What is Cognitive Modelling?

We are in a fun part of the history of cognitive science. We have a relatively short history, ~80 years, although some of the component disciplines are ancient. There is a lot to explore here. Given the interdisciplinary nature of the field, we’re just starting to integrate the disciplines from the outset of training. Only in the last two decades (give or take an exception) have cognitive models really had a seat at the table in the component disciplines of cognitive science. In truth, we still have growing pains. We’ve been capitalizing on the replication crisis in psychology to make it clear where cognitive science fits into the scientific process.

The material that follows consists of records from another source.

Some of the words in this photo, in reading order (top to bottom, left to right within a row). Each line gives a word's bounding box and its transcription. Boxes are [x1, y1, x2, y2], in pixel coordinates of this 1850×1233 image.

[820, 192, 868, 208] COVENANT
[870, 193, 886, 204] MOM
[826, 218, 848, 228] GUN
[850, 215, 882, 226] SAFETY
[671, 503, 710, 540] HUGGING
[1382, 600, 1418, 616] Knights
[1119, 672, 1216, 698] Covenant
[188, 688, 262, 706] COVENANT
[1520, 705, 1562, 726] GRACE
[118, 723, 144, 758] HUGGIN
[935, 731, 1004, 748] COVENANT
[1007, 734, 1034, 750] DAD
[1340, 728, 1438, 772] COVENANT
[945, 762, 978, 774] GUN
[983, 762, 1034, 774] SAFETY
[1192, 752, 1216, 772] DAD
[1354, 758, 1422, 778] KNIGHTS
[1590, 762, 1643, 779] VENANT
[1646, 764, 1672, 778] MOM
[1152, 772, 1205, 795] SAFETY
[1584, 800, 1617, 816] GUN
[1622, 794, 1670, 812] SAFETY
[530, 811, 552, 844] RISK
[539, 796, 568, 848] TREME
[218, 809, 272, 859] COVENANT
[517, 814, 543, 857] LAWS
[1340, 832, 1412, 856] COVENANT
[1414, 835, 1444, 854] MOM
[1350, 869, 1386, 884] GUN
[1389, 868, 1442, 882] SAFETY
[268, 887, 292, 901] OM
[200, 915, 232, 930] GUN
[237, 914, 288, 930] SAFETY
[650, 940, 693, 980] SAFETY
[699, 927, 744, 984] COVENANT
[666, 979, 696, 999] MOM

If you want one take on this integration, I recommend Olivia Guest and Andrea Martin’s Math Psych talk^[Math Psych is Australian for computational cognitive psychology.], which you can find here (~15 minutes). It also gives a glimpse at the sociology of cognitive modellers and experimental psychologists. In their talk, they paint two caricatures of the scientific process.

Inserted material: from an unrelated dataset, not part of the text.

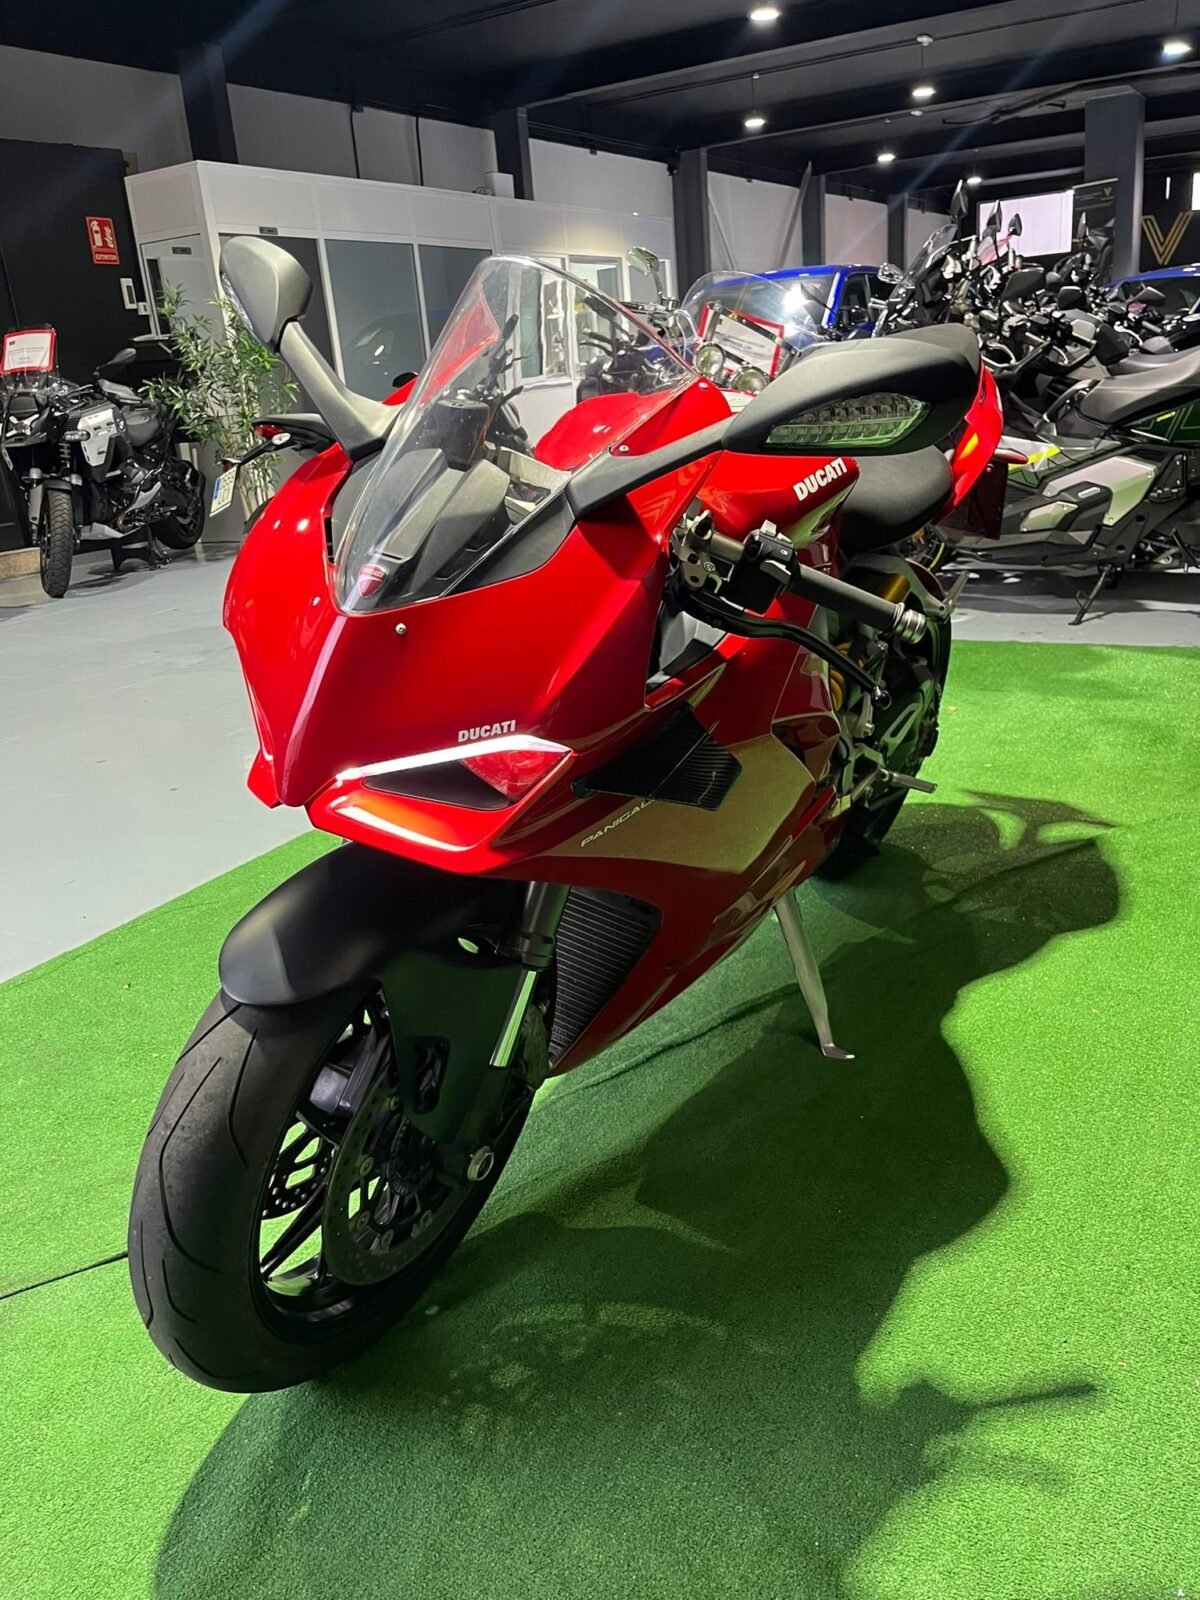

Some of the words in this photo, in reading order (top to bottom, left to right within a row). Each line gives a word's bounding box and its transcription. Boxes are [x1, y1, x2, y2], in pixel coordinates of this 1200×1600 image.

[792, 457, 848, 501] DUCATI
[458, 719, 516, 743] DUCATI
[581, 799, 654, 847] PANIGAL

The first one reflects the inductive role of cognitive modelling.

  • We start by observing some data.
  • We construct a hypothesis based on that data.
  • We write some code.
  • We translate it into math.
  • We craft a theory to explain the math and assumptions.
  • We build a framework that removes some of the assumptions so that we can apply our theory to new situations and tasks.

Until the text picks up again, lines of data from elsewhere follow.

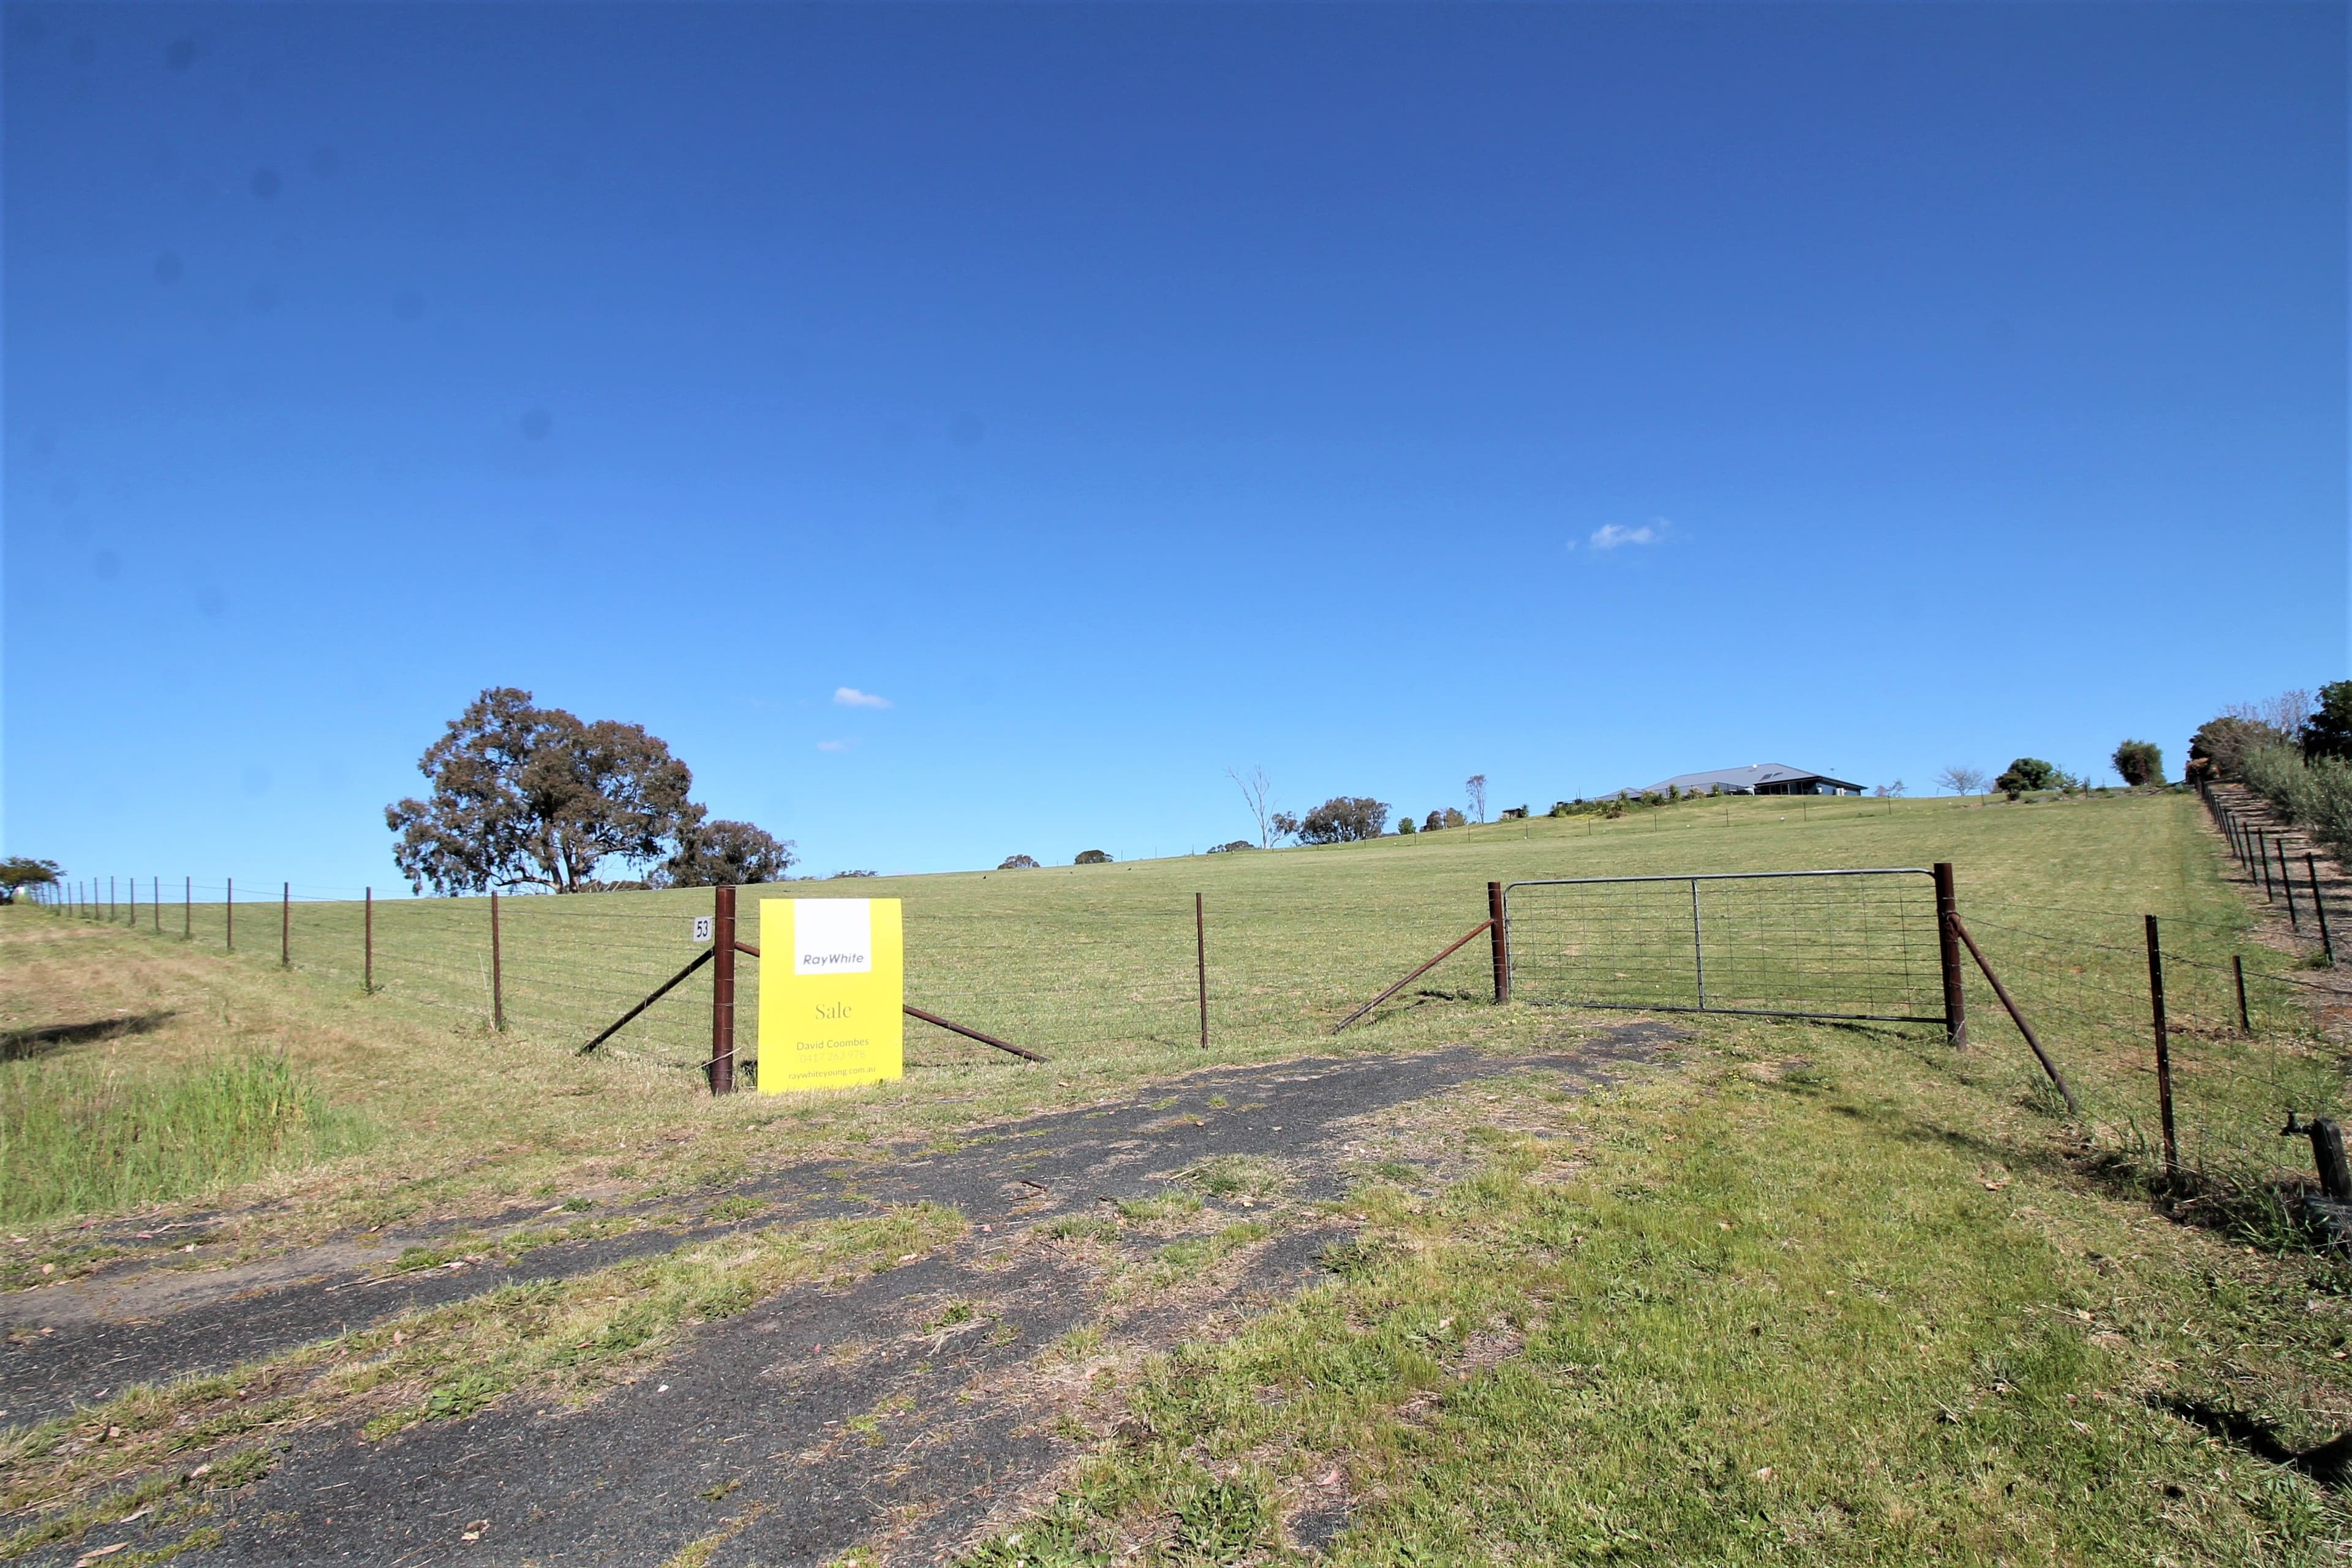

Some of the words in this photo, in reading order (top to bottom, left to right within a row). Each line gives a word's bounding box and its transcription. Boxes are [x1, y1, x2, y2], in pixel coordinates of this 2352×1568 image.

[697, 920, 708, 938] 53
[815, 1001, 852, 1020] Sale
[796, 1041, 824, 1051] David
[827, 1038, 869, 1048] Coombes
[789, 1066, 876, 1080] raywhiteyoung.com.au

The second caricature takes this process in reverse and reflects the traditional deductive experimental approach.

  • We start with a framework.
  • We apply the framework to a specific problem/task as a theory.
  • We specify the math and the assumptions of our theory.
  • We implement this specification in code.
  • We generate hypotheses from our implementation.
  • We conduct an experiment to test our hypothesis.

Now these are caricatures, which means they reflect life in exaggerated unrealistic ways. Olivia and Andrea argue that really we’re constantly moving in both directions. Science is as a path function linking theories to data. The red shaded steps in their diagram highlight the frequent path of the modeller. We often begin with some high level framework and empirical data and want to develop theories that explain the data and generalize to new tasks and situations.

Now this process might seem complicated and that’s okay. This is day one. We are going to go slower and we’re going to keep things light. This is an intro course.